Exercise description
Repeat the data exactly, please; no pictures belong in the copy.

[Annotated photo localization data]
+ + + + +
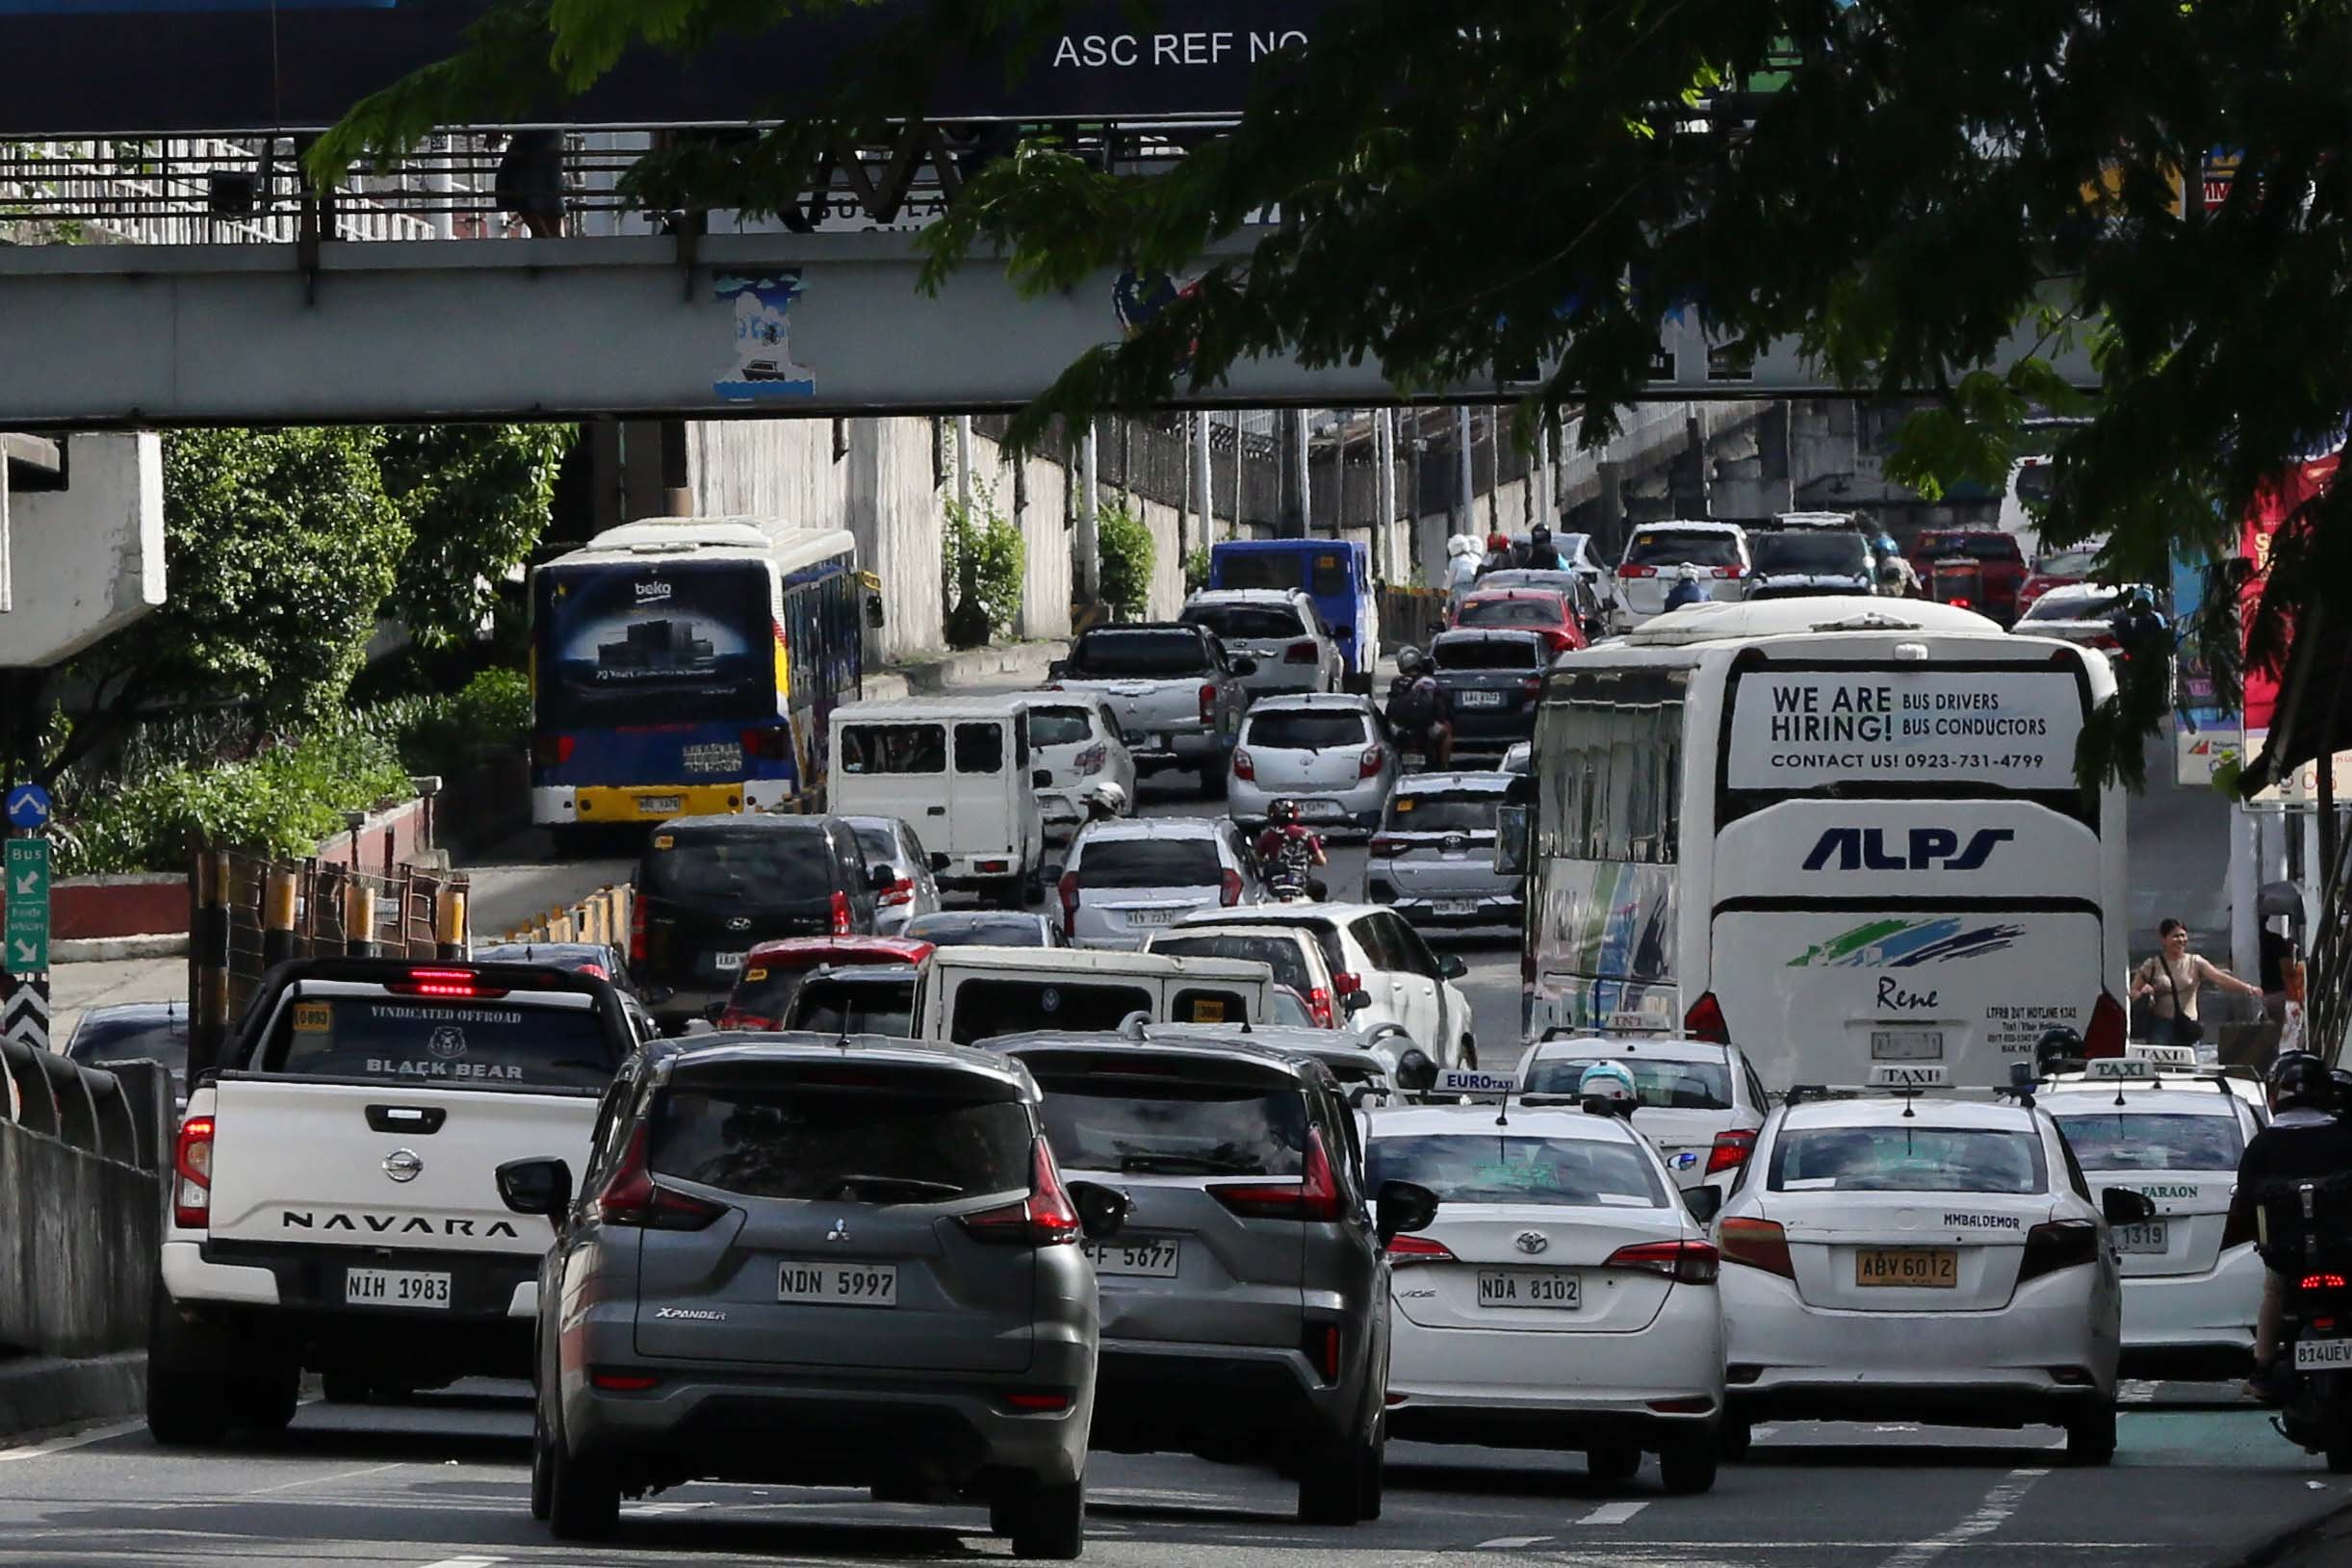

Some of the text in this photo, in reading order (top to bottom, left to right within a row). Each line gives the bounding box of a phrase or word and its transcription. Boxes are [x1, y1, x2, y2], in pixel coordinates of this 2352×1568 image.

[1053, 35, 1138, 67] ASC
[1154, 32, 1233, 65] REF
[634, 580, 671, 595] beko
[1772, 686, 1891, 712] WE ARE
[1902, 693, 1999, 710] BUS DRIVERS
[1771, 715, 1892, 741] HIRING!
[1902, 718, 2047, 735] BUS CONDUCTORS
[1771, 754, 2044, 768] CONTACT US! 0923-731-4799
[13, 848, 42, 861] Bus
[1801, 828, 2015, 870] ALPS
[1877, 976, 1939, 1010] Rene
[371, 1006, 522, 1024] VINDICATED OFFROAD
[2138, 1048, 2180, 1061] TAXI
[366, 1059, 523, 1079] BLACK BEAR
[1883, 1069, 1933, 1082] TAXI
[2096, 1063, 2145, 1075] TAXI
[2140, 1185, 2198, 1198] FARAON
[283, 1211, 519, 1238] NAVARA
[2124, 1225, 2162, 1244] 1319
[1124, 1246, 1176, 1269] 5677
[1863, 1257, 1952, 1278] ABV 6012
[349, 1275, 448, 1300] NIH 1983
[780, 1270, 893, 1297] NDN 5997
[1483, 1278, 1577, 1300] NDA 8102
[656, 1307, 727, 1321] XPANDER
+ + + + +
Written response
Some of the text in this photo, in reading order (top to bottom, left to right within a row). Each line gives the bounding box of a phrase or word and its transcription. Boxes are [x1, y1, x2, y2], in pixel coordinates of this 2352×1568 image.

[1053, 35, 1138, 67] ASC
[1154, 32, 1233, 65] REF
[634, 580, 671, 595] beko
[1772, 686, 1891, 712] WE ARE
[1902, 693, 1999, 710] BUS DRIVERS
[1771, 715, 1892, 741] HIRING!
[1902, 718, 2047, 735] BUS CONDUCTORS
[1771, 754, 2044, 768] CONTACT US! 0923-731-4799
[13, 848, 42, 861] Bus
[1801, 828, 2015, 870] ALPS
[1877, 976, 1939, 1010] Rene
[371, 1006, 522, 1024] VINDICATED OFFROAD
[2138, 1048, 2180, 1061] TAXI
[366, 1059, 523, 1079] BLACK BEAR
[1883, 1069, 1933, 1082] TAXI
[2096, 1063, 2145, 1075] TAXI
[2140, 1185, 2198, 1198] FARAON
[283, 1211, 519, 1238] NAVARA
[2124, 1225, 2162, 1244] 1319
[1124, 1246, 1176, 1269] 5677
[1863, 1257, 1952, 1278] ABV 6012
[349, 1275, 448, 1300] NIH 1983
[780, 1270, 893, 1297] NDN 5997
[1483, 1278, 1577, 1300] NDA 8102
[656, 1307, 727, 1321] XPANDER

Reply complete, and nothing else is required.